The problem: Leave out the pictures and restate every entry word for word.

Exercise data:
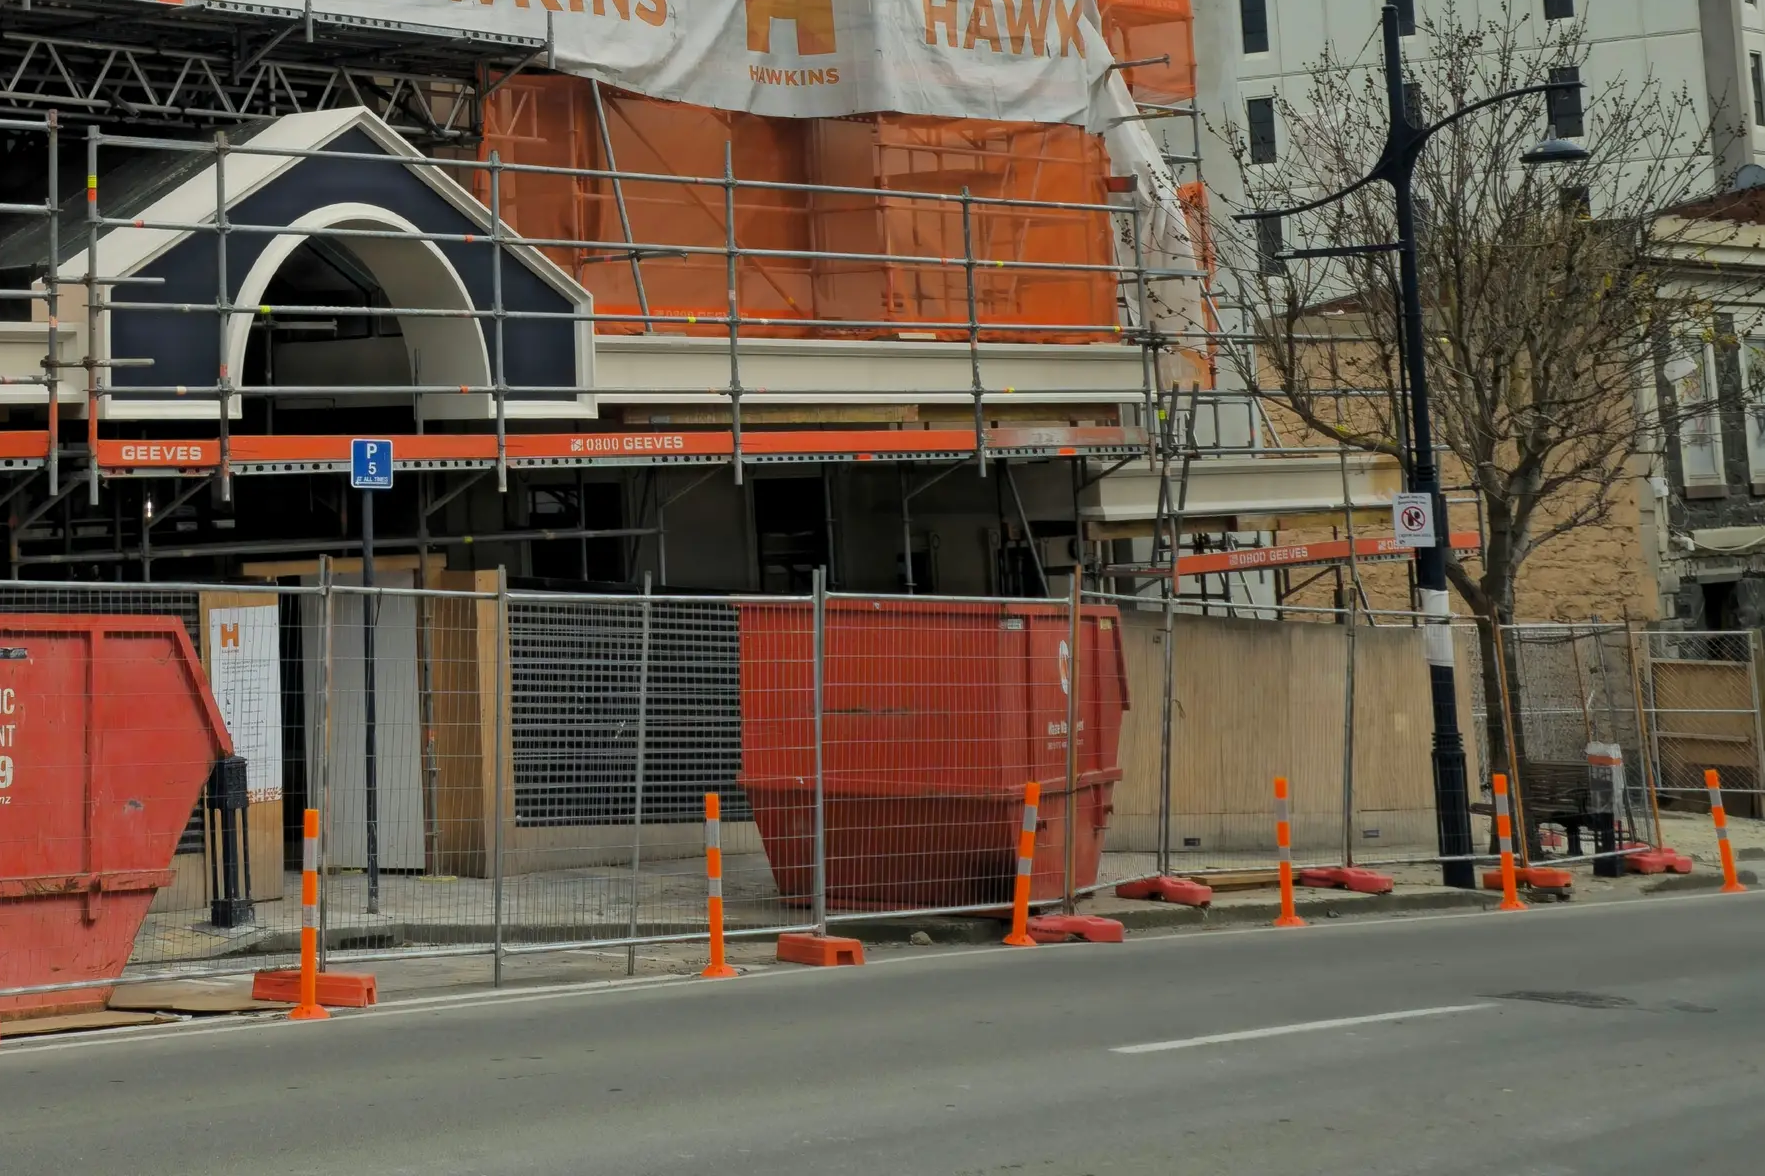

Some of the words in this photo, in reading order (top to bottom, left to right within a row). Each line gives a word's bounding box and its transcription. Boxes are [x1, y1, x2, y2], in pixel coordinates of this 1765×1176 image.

[747, 63, 841, 86] HAWKINS
[366, 442, 378, 459] P
[585, 437, 620, 451] 0800
[623, 435, 684, 451] GEEVES
[121, 445, 202, 461] GEEVES
[368, 461, 377, 475] 5
[1239, 551, 1267, 565] 0800
[1269, 546, 1309, 562] GEEVES
[220, 623, 240, 648] H
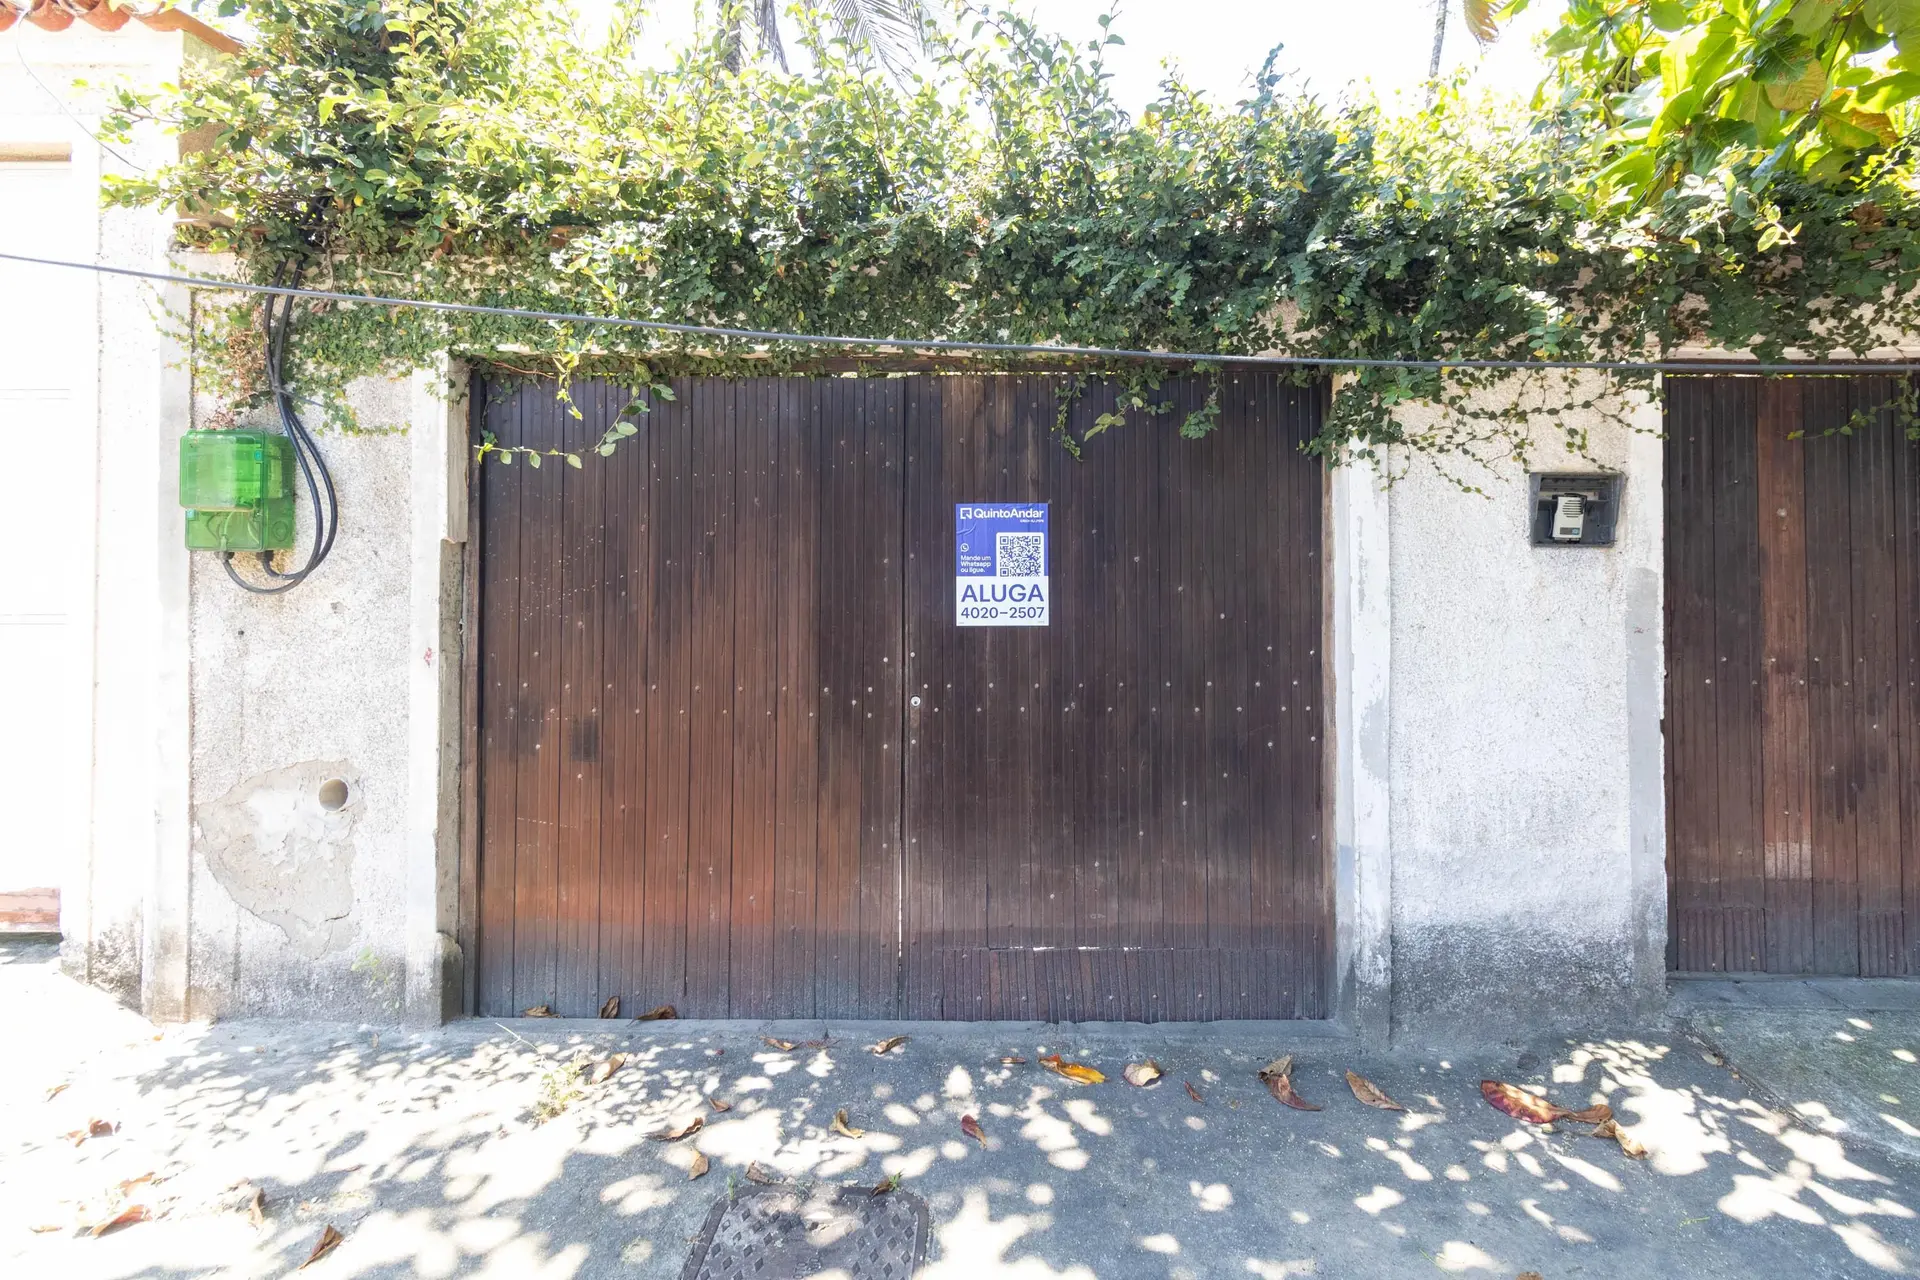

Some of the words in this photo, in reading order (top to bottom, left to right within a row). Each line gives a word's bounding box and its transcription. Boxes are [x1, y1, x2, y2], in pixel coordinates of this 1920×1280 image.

[974, 508, 1044, 519] QuintoAndar
[961, 584, 1044, 602] ALUGA
[961, 607, 1045, 619] 4020-2507
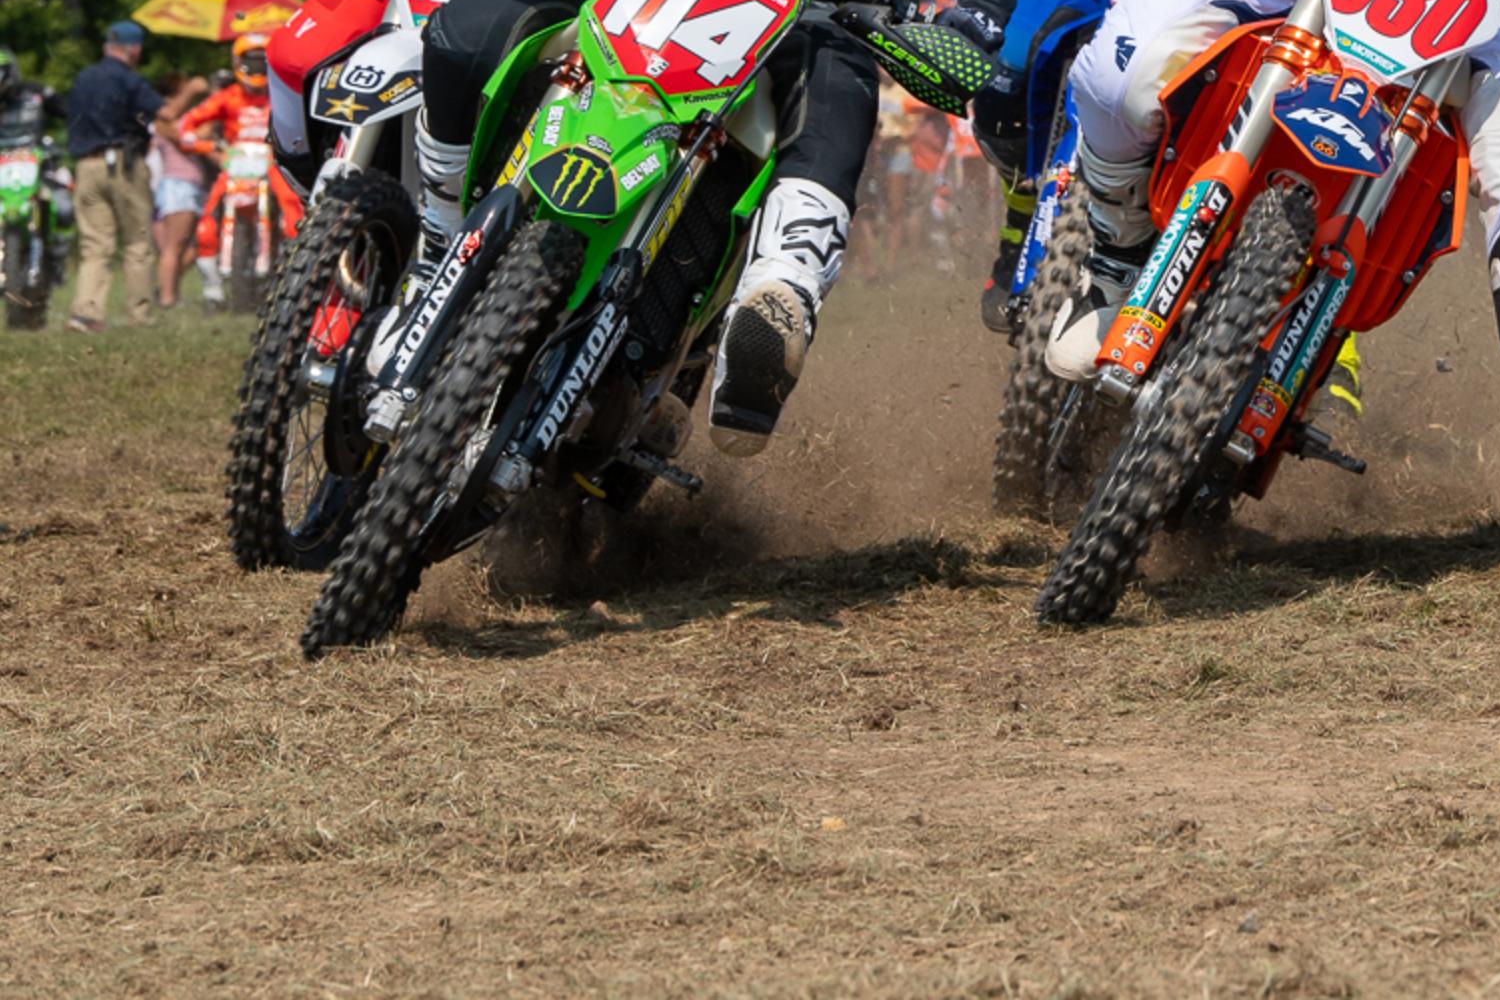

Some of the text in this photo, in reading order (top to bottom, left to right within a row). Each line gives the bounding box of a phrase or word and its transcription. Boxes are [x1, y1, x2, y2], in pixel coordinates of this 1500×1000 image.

[866, 30, 943, 85] ACERBIS
[1350, 41, 1398, 74] MOTOREX
[1286, 107, 1376, 161] KTM
[1130, 213, 1188, 302] MOTOREX
[1157, 187, 1228, 316] DNLOP
[1301, 278, 1351, 371] MOTOREX
[536, 302, 617, 451] DUNLOP
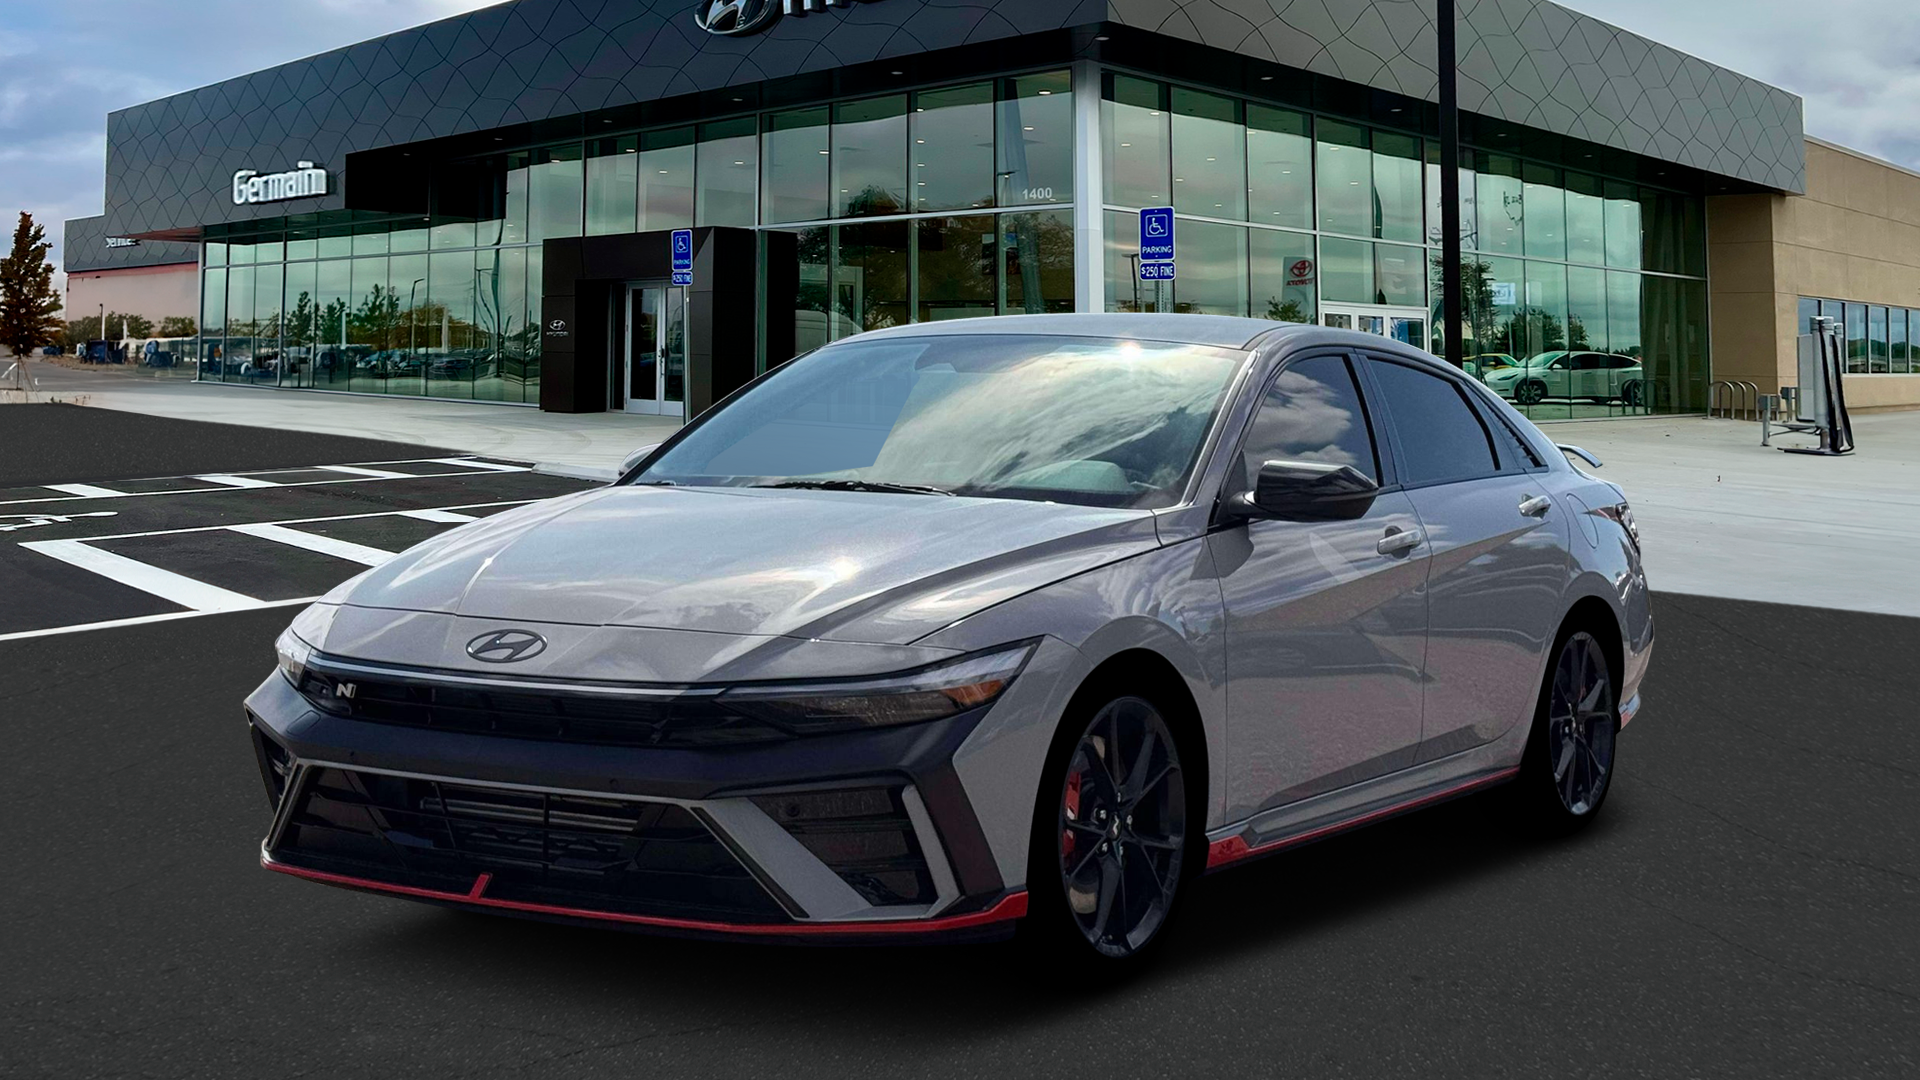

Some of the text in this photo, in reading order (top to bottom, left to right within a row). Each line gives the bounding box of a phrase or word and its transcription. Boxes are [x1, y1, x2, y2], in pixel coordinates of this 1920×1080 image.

Response box:
Some of the words in this photo, in reading order (top to bottom, left to right within a row). Each line gives a word's bounding box and its transcription. Boxes are [x1, y1, x2, y2], in pixel coordinates of this 1765×1176 image.

[747, 63, 841, 86] HAWKINS
[366, 442, 378, 459] P
[585, 437, 620, 451] 0800
[623, 435, 684, 451] GEEVES
[121, 445, 202, 461] GEEVES
[368, 461, 377, 475] 5
[1239, 551, 1267, 565] 0800
[1269, 546, 1309, 562] GEEVES
[220, 623, 240, 648] H

Some of the words in this photo, in reading order (top to bottom, left to right within a row). Each line gives a word's bounding box and its transcription. Boxes are [x1, y1, x2, y2], in pixel coordinates of this 1920×1280 image.

[974, 508, 1044, 519] QuintoAndar
[961, 584, 1044, 602] ALUGA
[961, 607, 1045, 619] 4020-2507

Some of the text in this photo, in reading order (top to bottom, left to right within a row). Each line gives the bounding box of a phrase or word and its transcription. Boxes are [x1, y1, x2, y2], in pixel coordinates of this 1500×1000 image.

[866, 30, 943, 85] ACERBIS
[1350, 41, 1398, 74] MOTOREX
[1286, 107, 1376, 161] KTM
[1130, 213, 1188, 302] MOTOREX
[1157, 187, 1228, 316] DNLOP
[1301, 278, 1351, 371] MOTOREX
[536, 302, 617, 451] DUNLOP

Some of the text in this photo, in reading order (top to bottom, left to right within a row). Each line gives the bounding box of a phrase or word and its transcription. Boxes are [x1, y1, x2, y2], in pixel coordinates of this 1920×1080 image.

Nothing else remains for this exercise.